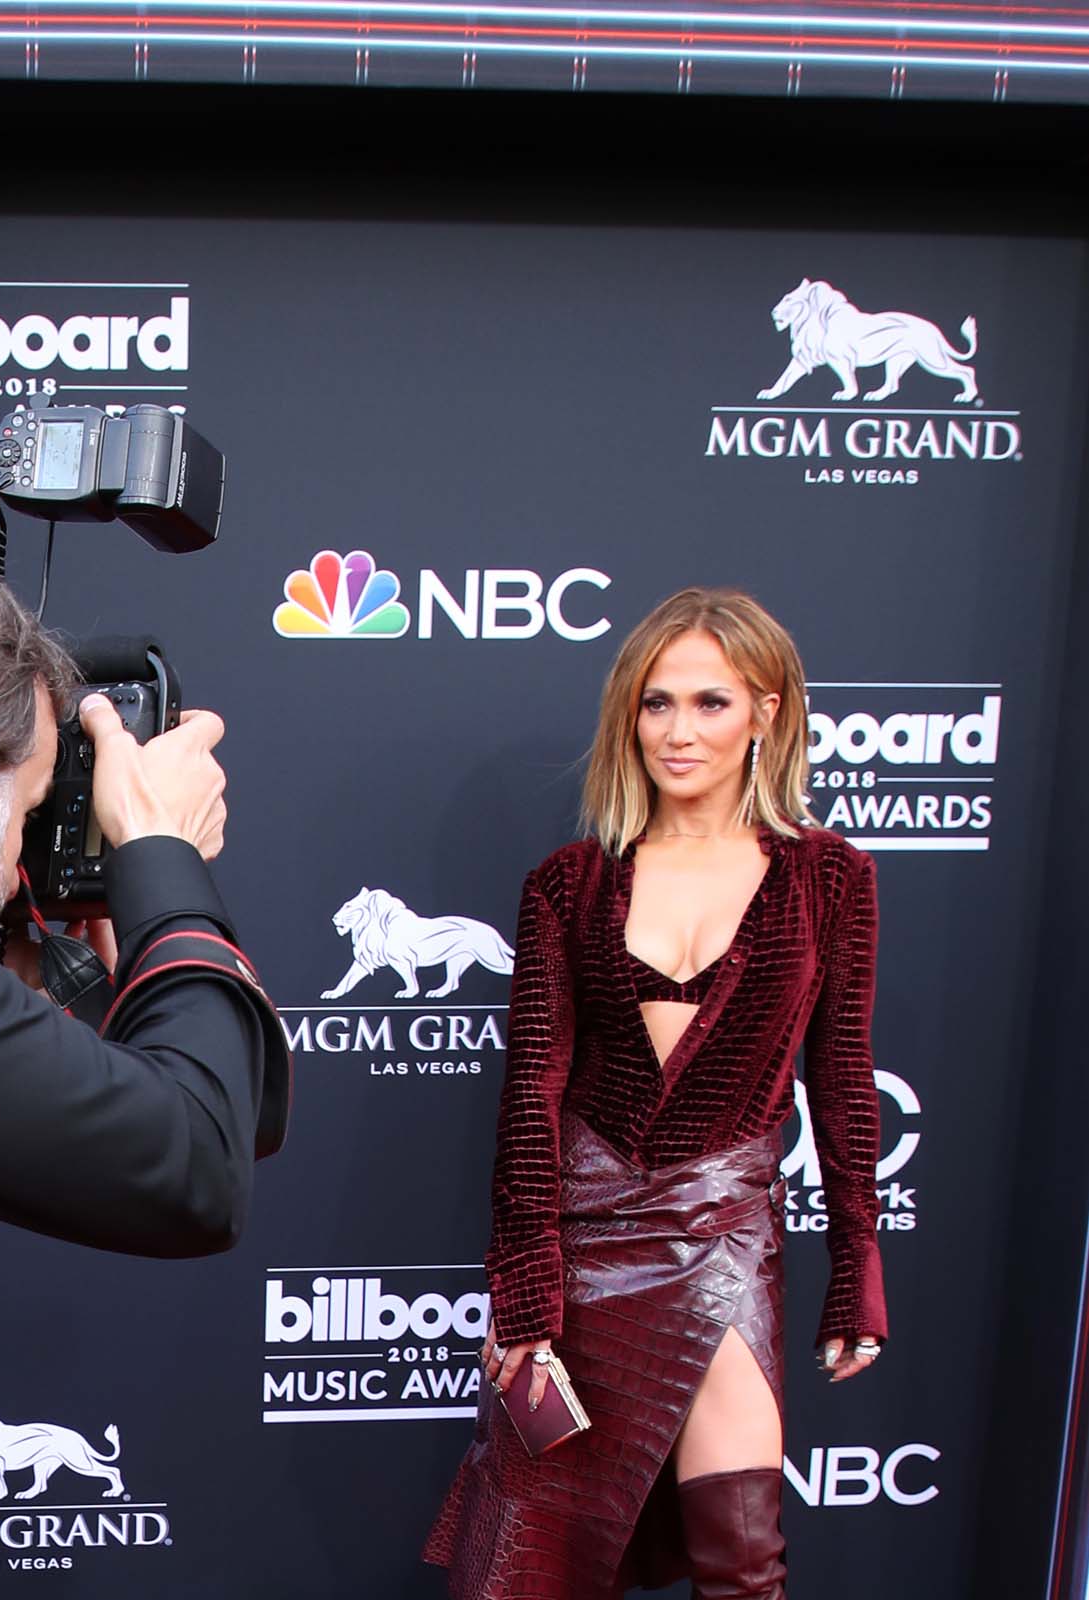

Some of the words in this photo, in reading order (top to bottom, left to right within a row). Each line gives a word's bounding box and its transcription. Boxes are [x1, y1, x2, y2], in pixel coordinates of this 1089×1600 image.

[704, 416, 832, 458] MGM
[844, 418, 1021, 460] GRAND
[804, 468, 845, 484] LAS
[851, 469, 919, 485] VEGAS
[417, 567, 612, 642] NBC
[812, 770, 876, 788] 2018
[823, 794, 992, 831] AWARDS
[280, 1015, 395, 1052] MGM
[370, 1062, 409, 1075] LAS
[415, 1061, 481, 1075] VEGAS
[387, 1346, 450, 1362] 2018
[263, 1369, 387, 1402] MUSIC
[783, 1443, 942, 1507] NBC
[0, 1511, 165, 1548] GRAND
[7, 1557, 73, 1570] VEGAS

------------------------------------------------------------

REQUIRED WORK.
Keep the pictures out and transcribe the listing exactly.

TASK SOLUTION.
Some of the words in this photo, in reading order (top to bottom, left to right within a row). Each line gives a word's bounding box and its transcription. Boxes are [x1, y1, x2, y2], in pixel coordinates of this 1089×1600 image.

[704, 416, 832, 458] MGM
[844, 418, 1021, 460] GRAND
[804, 468, 845, 484] LAS
[851, 469, 919, 485] VEGAS
[417, 567, 612, 642] NBC
[812, 770, 876, 788] 2018
[823, 794, 992, 831] AWARDS
[280, 1015, 395, 1052] MGM
[370, 1062, 409, 1075] LAS
[415, 1061, 481, 1075] VEGAS
[387, 1346, 450, 1362] 2018
[263, 1369, 387, 1402] MUSIC
[783, 1443, 942, 1507] NBC
[0, 1511, 165, 1548] GRAND
[7, 1557, 73, 1570] VEGAS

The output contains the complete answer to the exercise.